(Beginning of Source data)

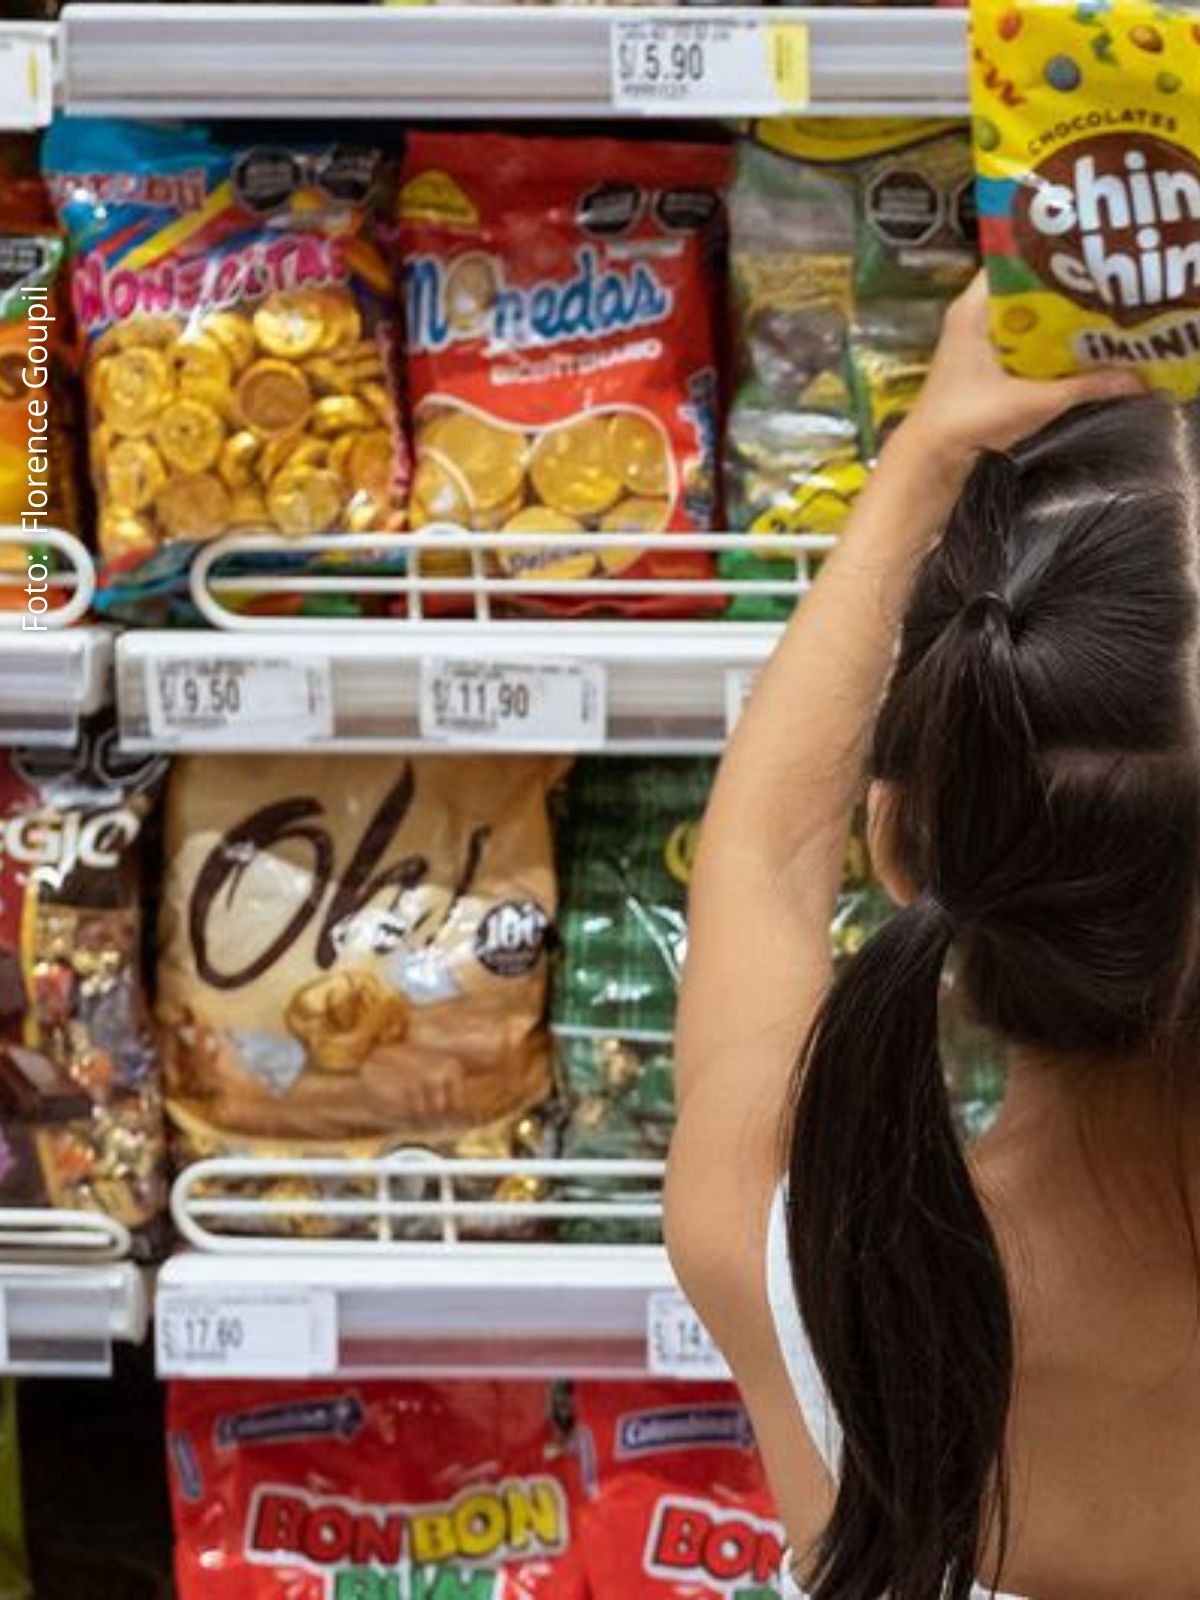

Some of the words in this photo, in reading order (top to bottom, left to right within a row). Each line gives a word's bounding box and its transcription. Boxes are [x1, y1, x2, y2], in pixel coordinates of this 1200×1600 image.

[645, 42, 704, 80] 5.90
[1027, 108, 1178, 157] CHOCOLATES
[184, 678, 241, 713] 9.50
[458, 681, 532, 718] 11.90
[185, 1317, 244, 1349] 17.60
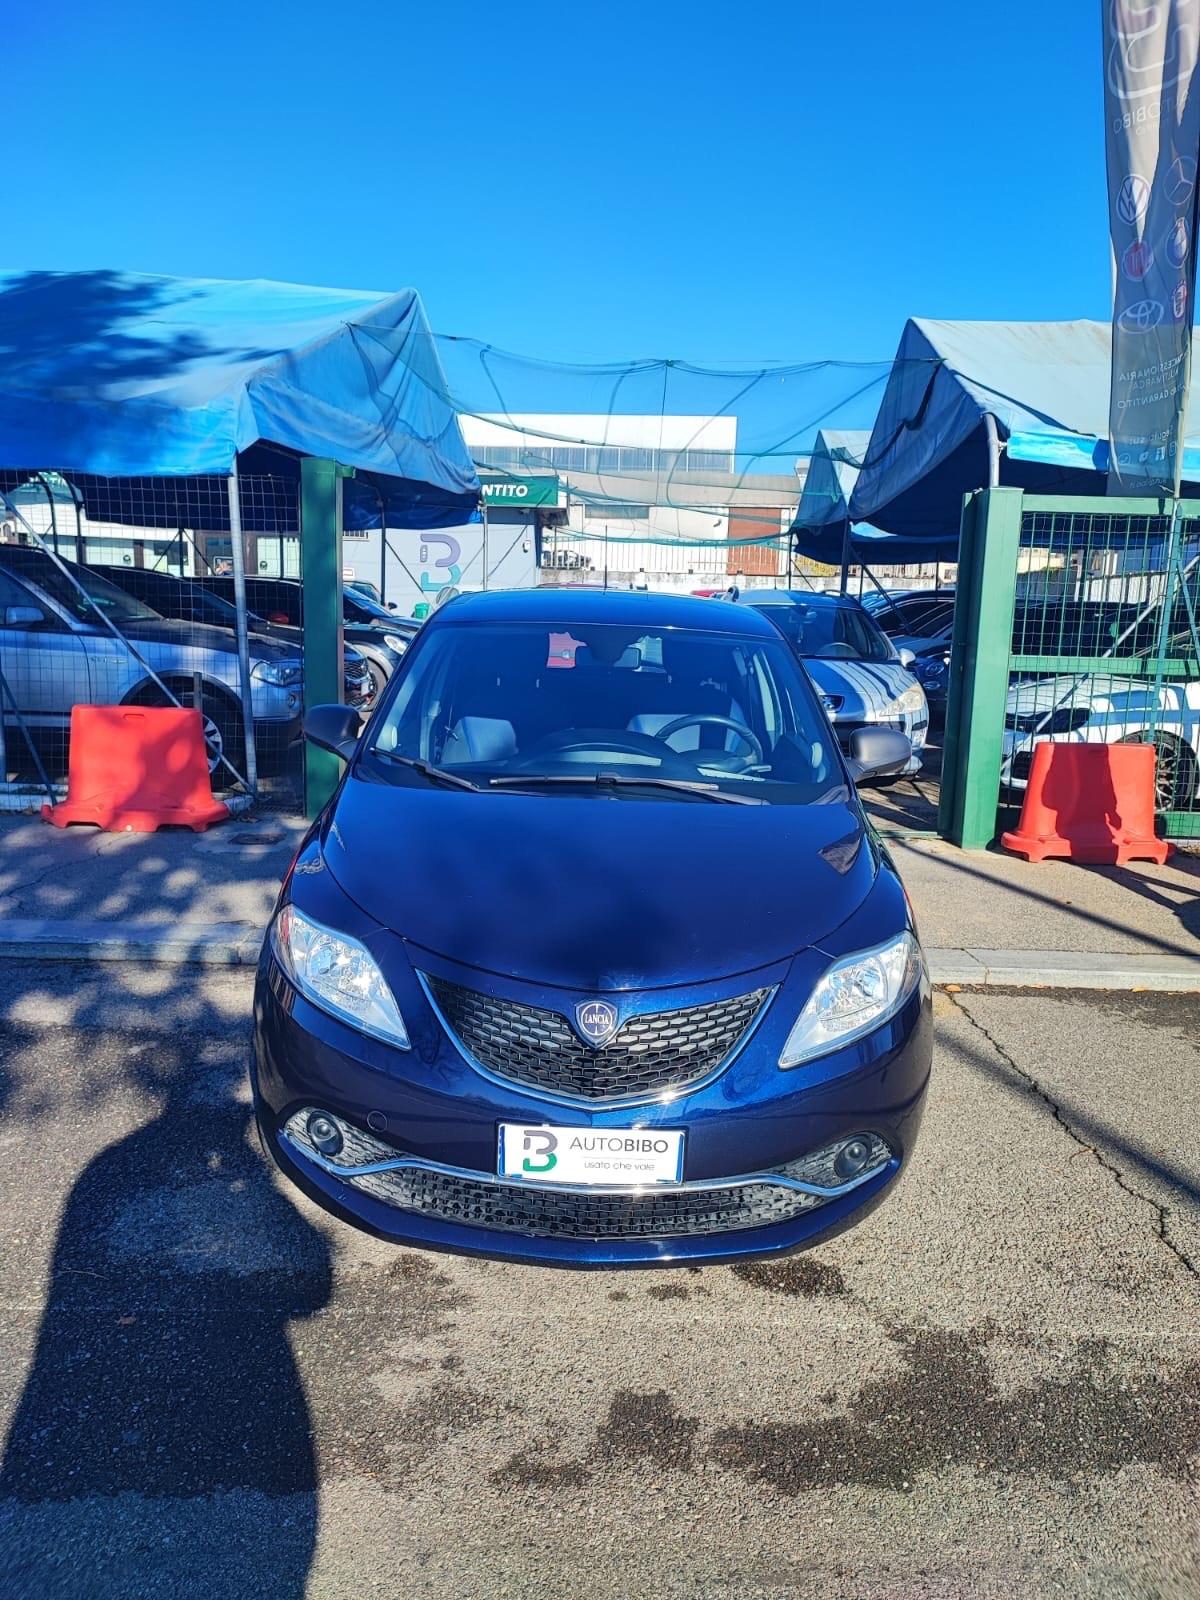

(End of Source data)

- [Task objective]: Each record above is to be copied exactly. Drop the pictures.

- [Output]:
Some of the words in this photo, in reading order (top to bottom, left to right within a row). Each line gives a word's bounding box and its transcription. Boxes are [x1, y1, x2, y2], in pixel coordinates of this 1200×1600 image.

[645, 42, 704, 80] 5.90
[1027, 108, 1178, 157] CHOCOLATES
[184, 678, 241, 713] 9.50
[458, 681, 532, 718] 11.90
[185, 1317, 244, 1349] 17.60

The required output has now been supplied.